Id. at page 333; see also: Browne v. State (1964), 24 Wis.2d 491, 506, 129 N.W.2d 175, 131 N.W.2d 169. See generally: Annot. Search and Seizure Before Arrest (1963), 89 A.L.R. 2d 715.
In Allen, as in the instant case, in the absence of the results of the search there was no probable cause for the arrest. To justify a search as an incident of a lawful arrest the officers must either have a warrant for the arrest or probable cause therefor before the search is made. However, it is not necessary that the arrest be actually made prior to the search. The point is that the validity of the arrest must not depend upon the result of the search but the grounds of arrest must exist independently thereof.
See Platz, Work of the Wisconsin Supreme Court, 1946 Wis. L, Rev. 53, 54.
In this case, Detective Johnson testified that the only basis for arrest was the evidence recovered during the search. This arrest was invalid. Therefore, the Waukesha county court had no jurisdiction over defendant and an order was properly issuable barring any prosecution based on the evidence obtained as a result of the search made under the authority of the illegally issued search warrant. But Furlong can still be prosecuted on the basis of any other evidence that the state may possess. This may be especially true as to count one of the June 13, 1968, complaint pertaining to the alleged possession of dangerous drugs on June 10, 1968, in violation of sec. 151.07 (7), Stats.
Although we agree with the net result of the trial court's disposition of this cause except for the extent of its prohibition writ, we must reverse and remand for further proceedings for the entry of a proper order under habeas corpus and in accordance with the holdings embodied in this opinion.

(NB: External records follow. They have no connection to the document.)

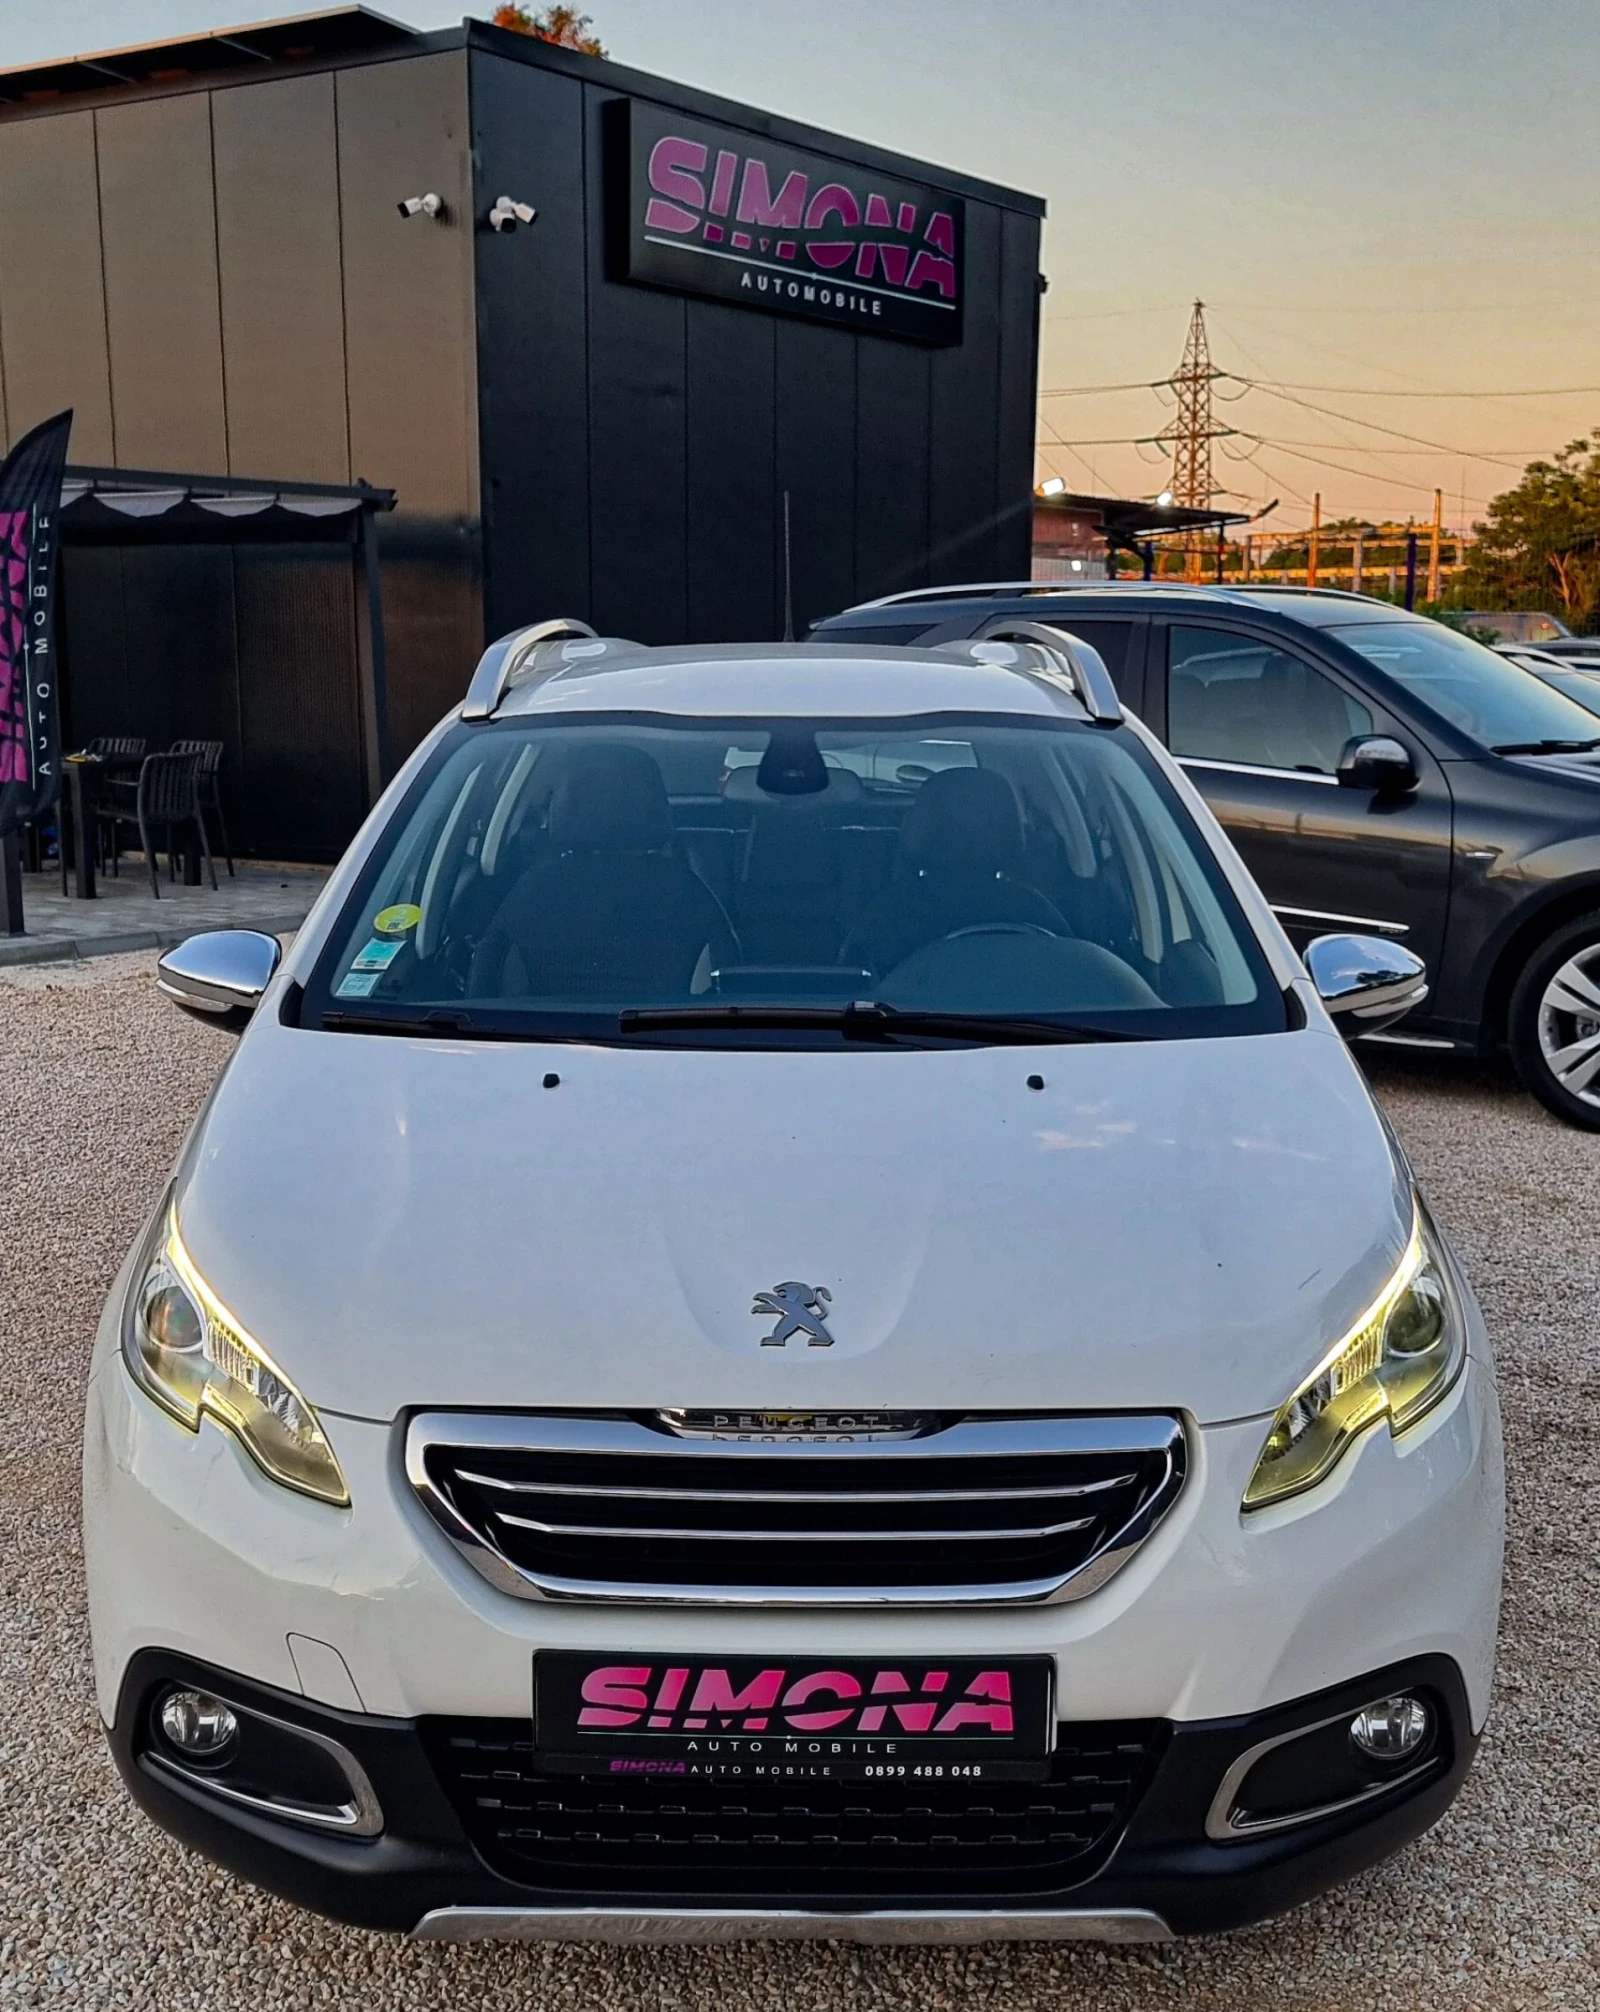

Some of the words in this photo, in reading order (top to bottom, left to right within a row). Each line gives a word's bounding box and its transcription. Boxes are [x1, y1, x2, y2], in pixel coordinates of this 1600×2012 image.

[644, 136, 956, 298] SIMONA
[713, 1414, 879, 1431] PEUGEOT
[577, 1667, 1014, 1731] SIMONA
[609, 1760, 686, 1774] SIMONA
[865, 1766, 905, 1777] 0899
[913, 1766, 943, 1777] 488
[951, 1766, 981, 1777] 048
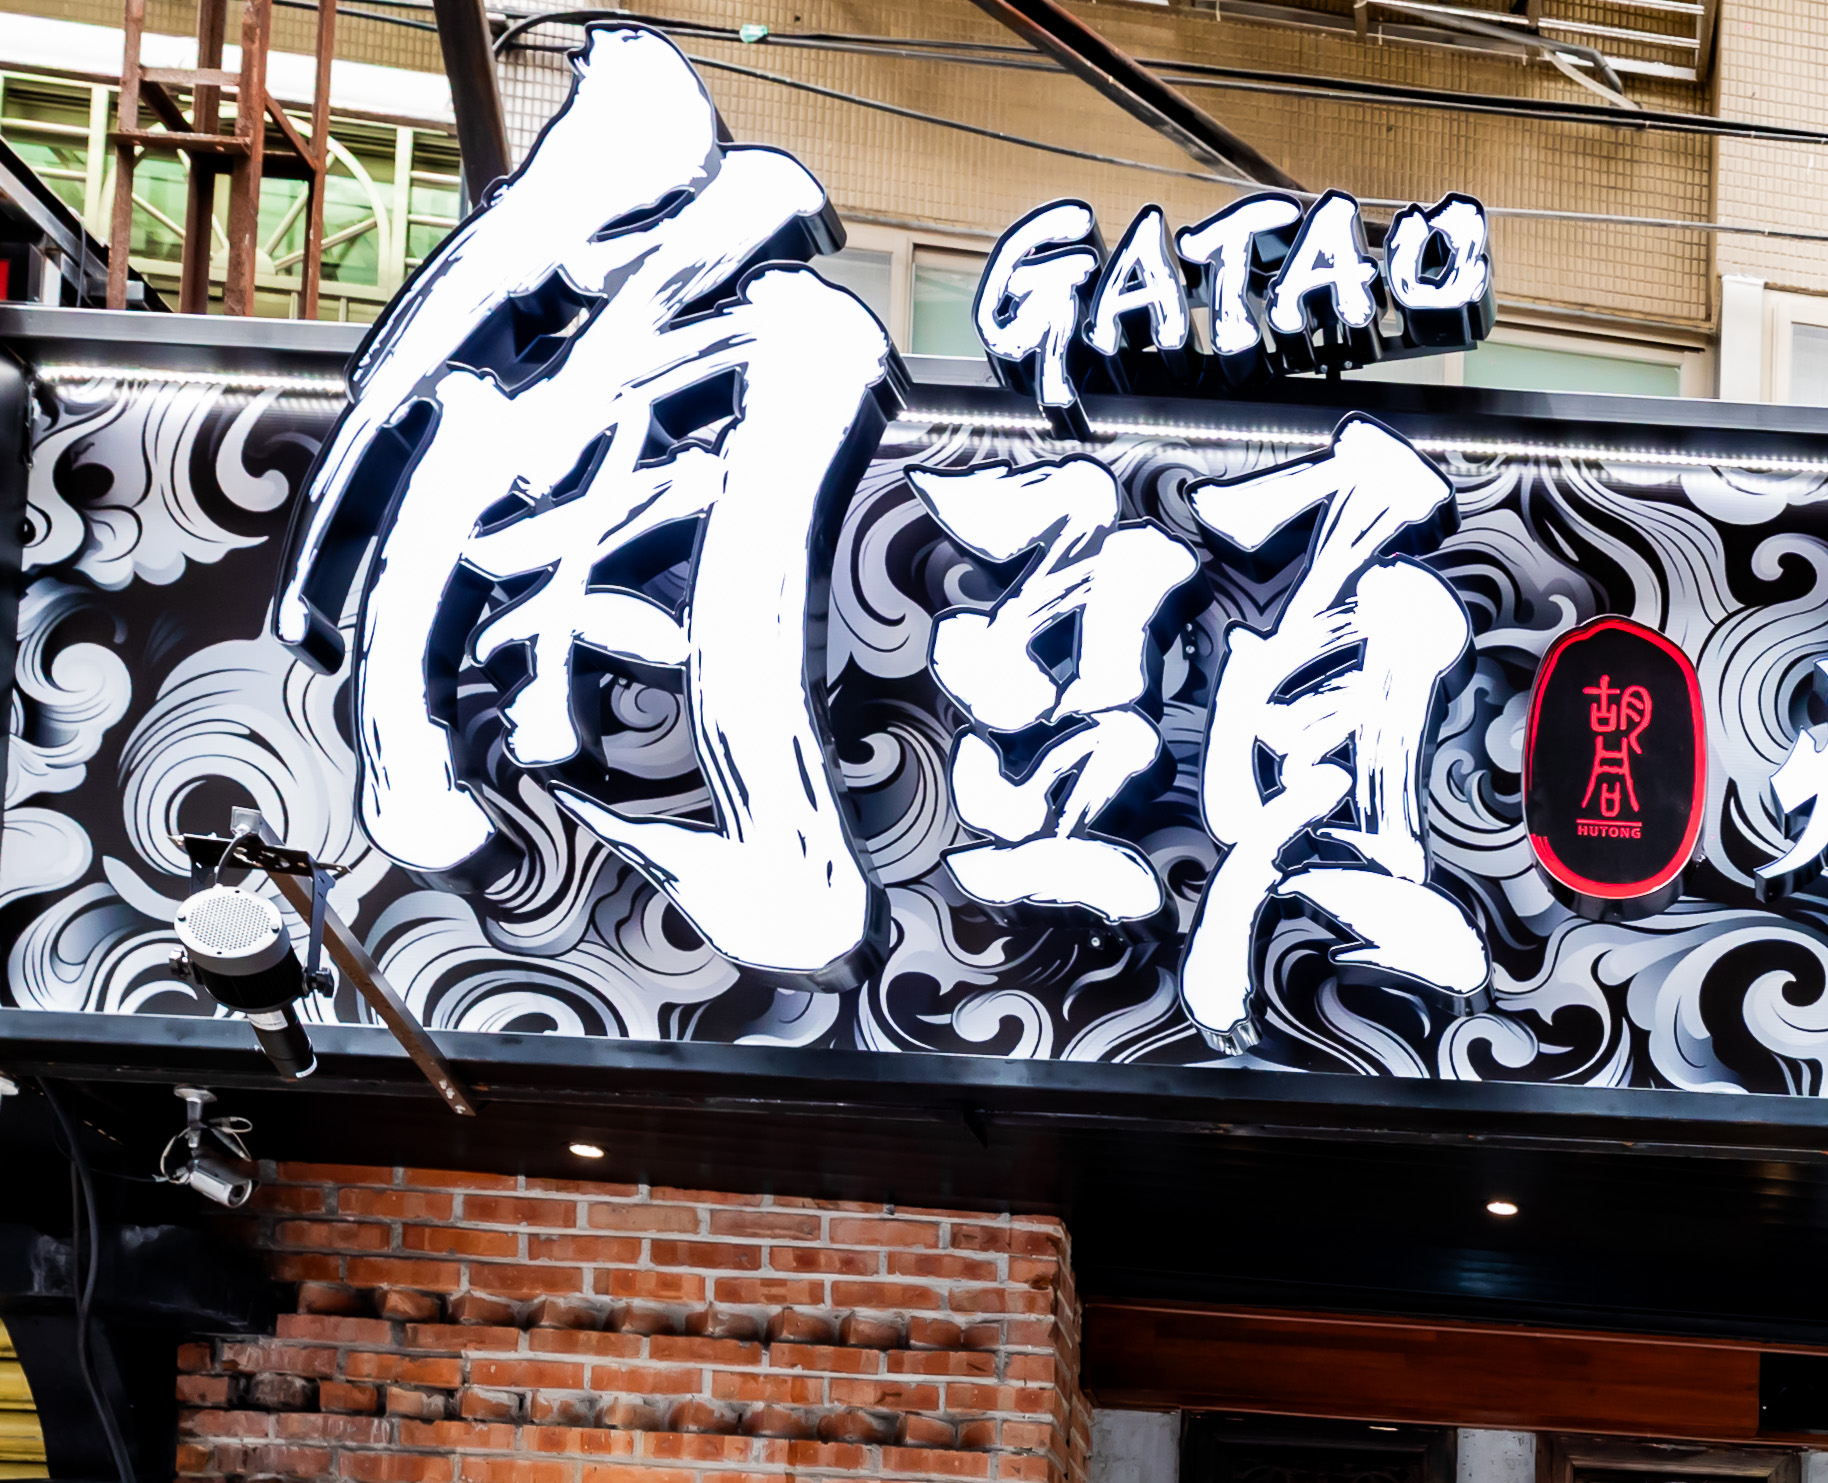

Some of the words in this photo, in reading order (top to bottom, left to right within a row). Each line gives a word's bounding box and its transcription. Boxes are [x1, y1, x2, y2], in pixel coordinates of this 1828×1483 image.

By the Court. — Order reversed and cause remanded for further proceedings consistent with this opinion.
The writer concurs with the reversal, but dissents from the remand. The appeal is from the issuance of a writ of prohibition absolute. The majority opinion concedes that "prohibition was not the proper remedy." However, the majority refashions the writ of prohibition into a writ of habeas corpus, and returns the matter to the circuit court for relabeling of the action taken. We find no compelling reason for this court "regarding" a writ of prohibition absolute as a different type of writ in order to, even in part, sustain it. Additionally, we have serious doubts as to whether the retailored garment fits the situation. Here the defendant, arrested in June of 1968, is and has been at liberty and not deprived of his liberty ever since. See: Annot. Right of one at large on bail to writ of habeas corpus, 77 A.L.R. 2d 1307, 1308; Odell v. Haas (D.C. Wis.), 280 F. Supp. 208. The sole purpose and effect of the writ was to prevent the county court from holding a preliminary hearing and ruling on all issues there raised. The label is changed but the substance of what is accomplished is unchanged. In a recent case, this court held that prohibition was improper since there was a different adequate remedy available, and there the court did not refashion and rename the writ to accommodate the petitioner. State ex rel. Cullen v. Ceci (1970), 45 Wis.2d 432, 173 N.W.2d 175. The writ of prohibition there was dismissed. Period. The writ of prohibition here should be dismissed. Period.
I am authorized to state that Mr. Justice LEO B. HANLEY and Mr. Justice CONNOR T. HANSEN concur in this dissenting opinion.